Objective: Students will read several articles related to the question: Does it matter from whom I buy my clothes?, research companies that make clothes, shoes, and other items they buy, understand the concepts of fair trade and social responsibility, and write a one-page answer to the question individually and/or construct a poster or make a video as a small group to explain their answer.
- “Come to Africa for Business, not Handouts: ‘Buy one give one’ model does no development favors” in Summer 2013 WorldView magazine
- “Cutting cost of cheap fashion” and “Indonesia’s unions grow noisy – with some success” in Christian Science Monitor Weekly, June 3, 2013
- websites for TOMS Shoes and Eyeglasses (http://www.toms.com/), Goods for Good (http://www.goods4good.org/), and MarketPlace India (http://www.marketplaceindia.com/) – Teacher should spend some time at last website to become familiar with mission and participants, even get a catalogue, so he or she can introduce the website and concept of fair trade to the class.
- Internet for research on brands students buy and other research on fair trade, social responsibility,
Procedure: Begin by asking students to check the country of origin of the clothes they are wearing. Each student could make a list of brands of clothes and shoes they wear and stores where they shop. Ask students what is most important criterion in their buying: How important is price? How important is social responsibility? Would it matter to you if you knew who made the clothes you wear? Tell students story of one woman from the MarketPlace India website (look under artisan cooperatives – each highlights one woman).

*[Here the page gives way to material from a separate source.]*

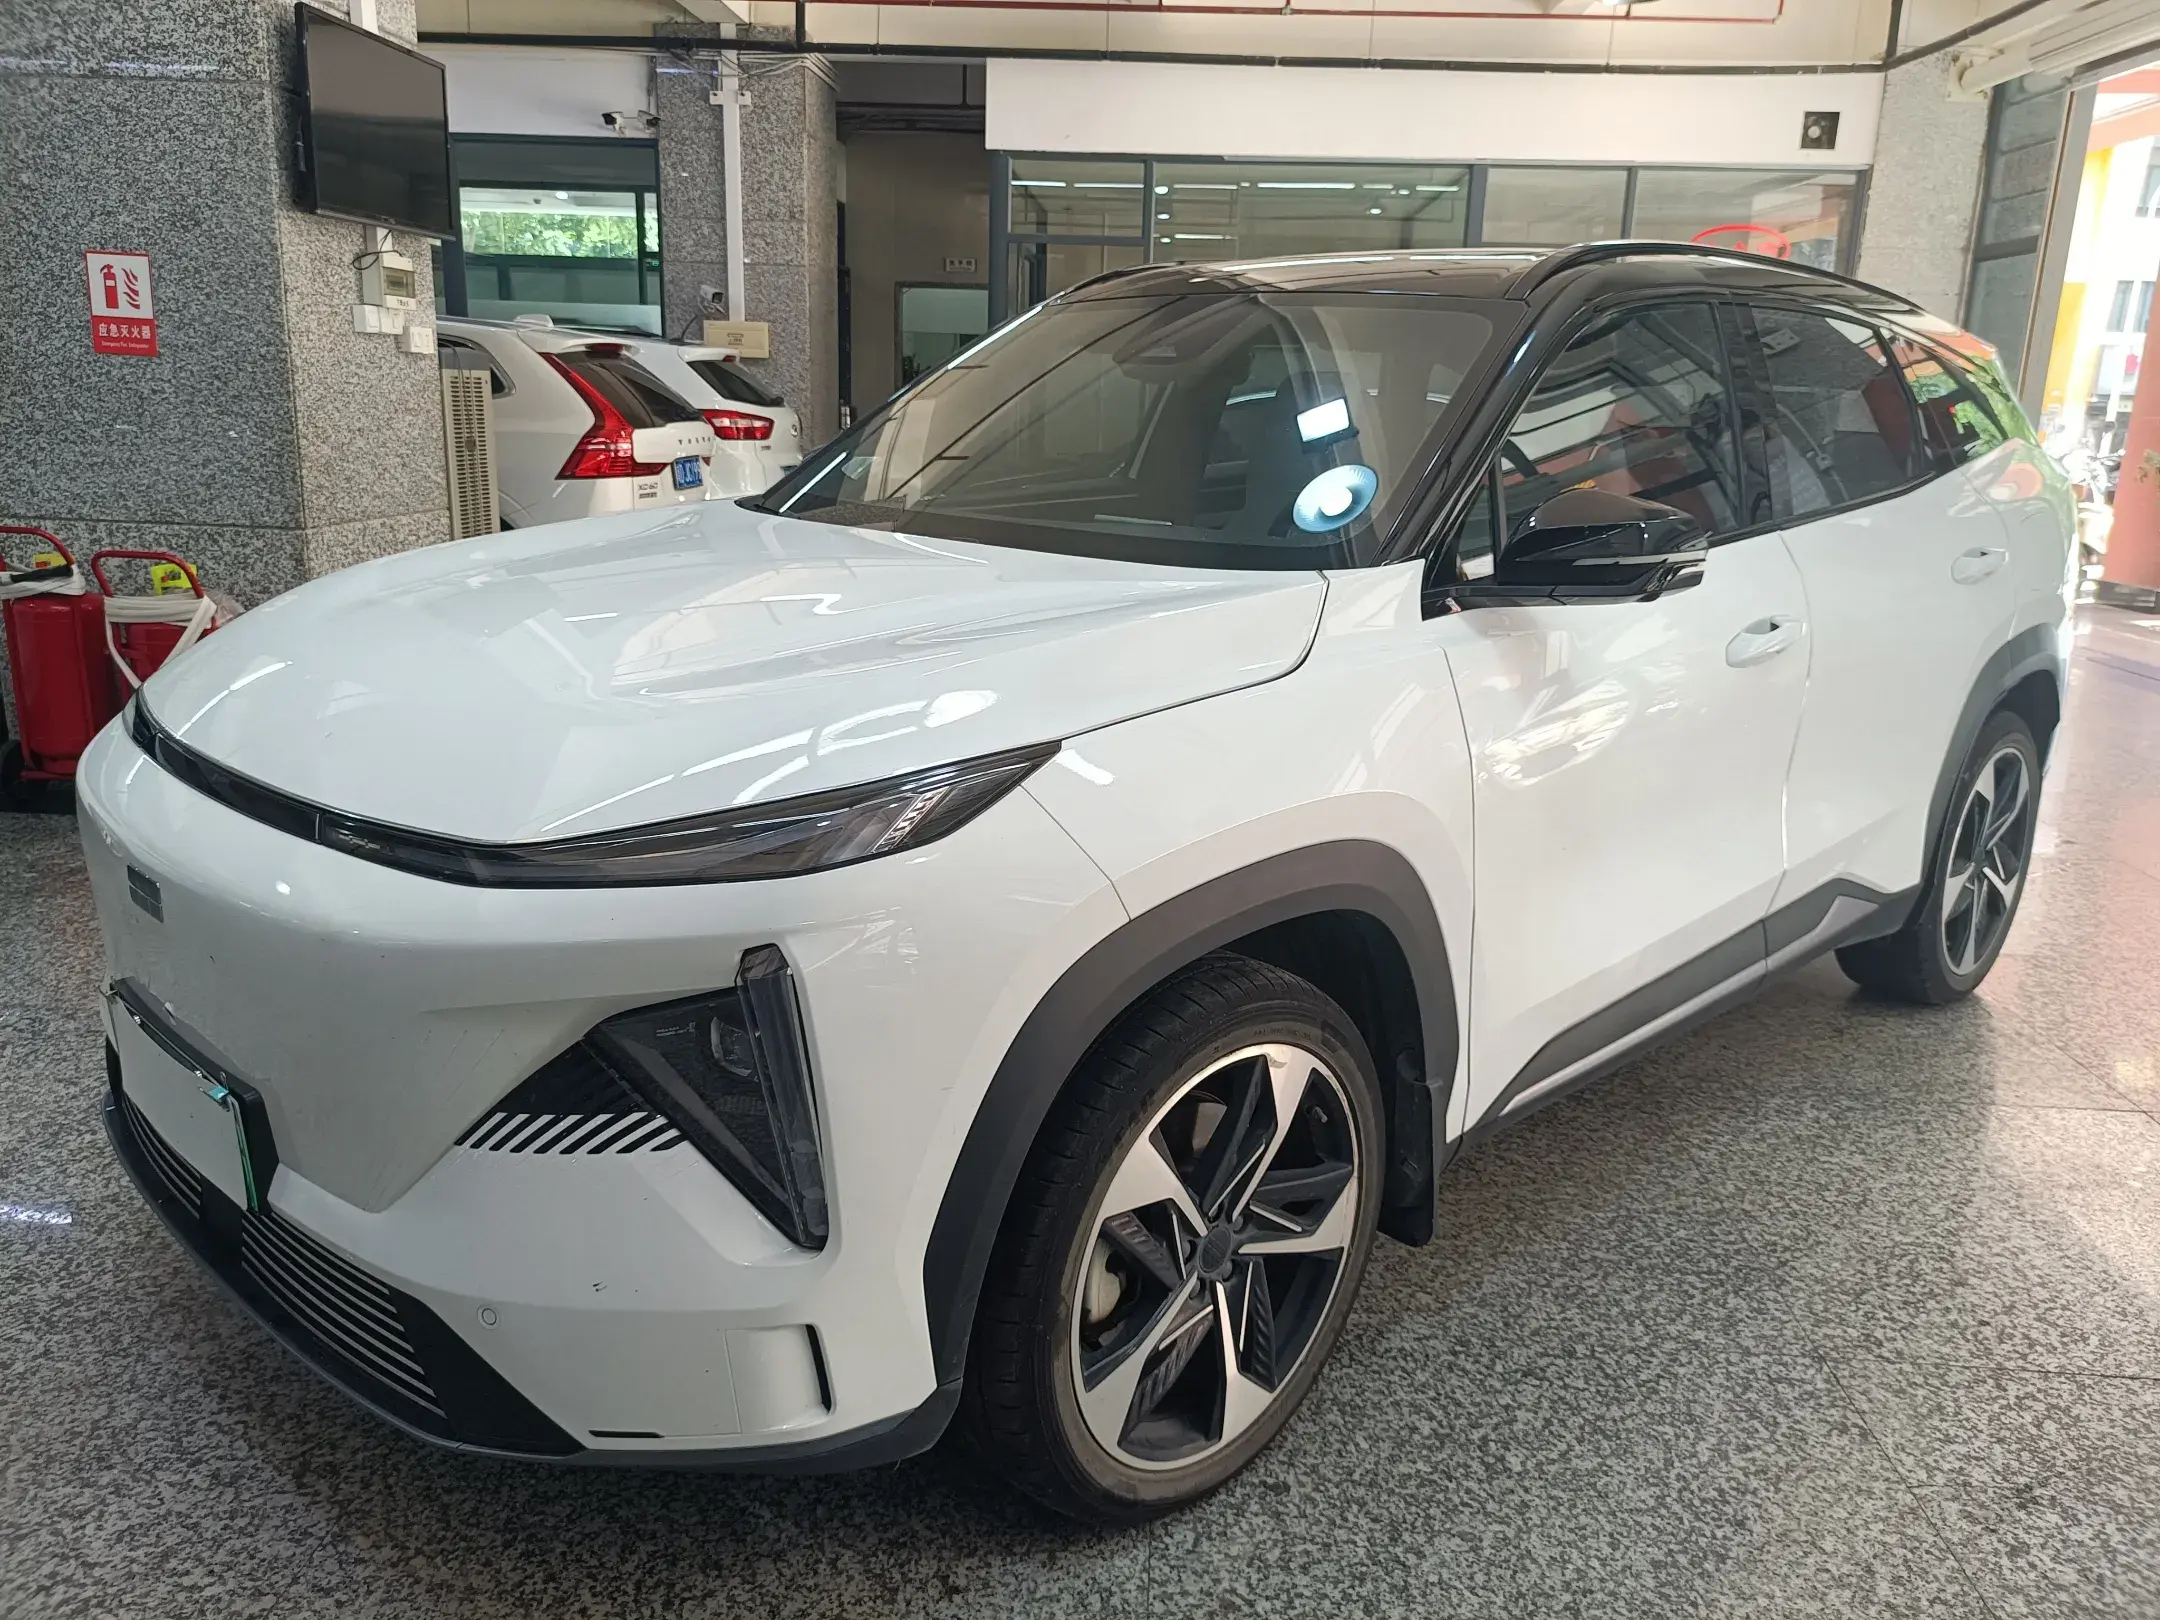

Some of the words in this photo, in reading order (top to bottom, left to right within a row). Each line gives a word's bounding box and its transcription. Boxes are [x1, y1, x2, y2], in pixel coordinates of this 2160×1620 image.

[99, 322, 151, 339] 应急灭火器

Now ask students to read the WorldView magazine article and the CSM articles or teacher can summarize them as background for student research. Make sure students understand what Buckler and Jackson in the WorldView article call dumping of goods in TOMS buy-one-give-one model and the Goods for Good repurposing of surplus goods as giveaways in low-income countries and the disadvantages as well as advantages of these social enterprise models. Why might these sound attractive to them? Make sure students understand the issue of price versus responsibility in terms of consumers (that’s them!) and the issue of worker safety and unions in nations like Bangladesh and Indonesia where many clothes are made as explained in the CSM articles. Divide class into trios and ask students to divide research on TOMS, Goods for Good, and MarketPlace India websites, then share with each other what they learn. Challenge each trio to do further internet research on, for example, other fair trade organizations, the Accord on Fire and Building Safety in Bangladesh, the Clean Clothes Campaign in Europe, and the social responsibility statements of brands students buy and stores where they shop.
Assessment: Students can answer question “Does it matter from whom I buy my clothes?” individually and/or the trios can make a poster or make a short video to educate other students in the school.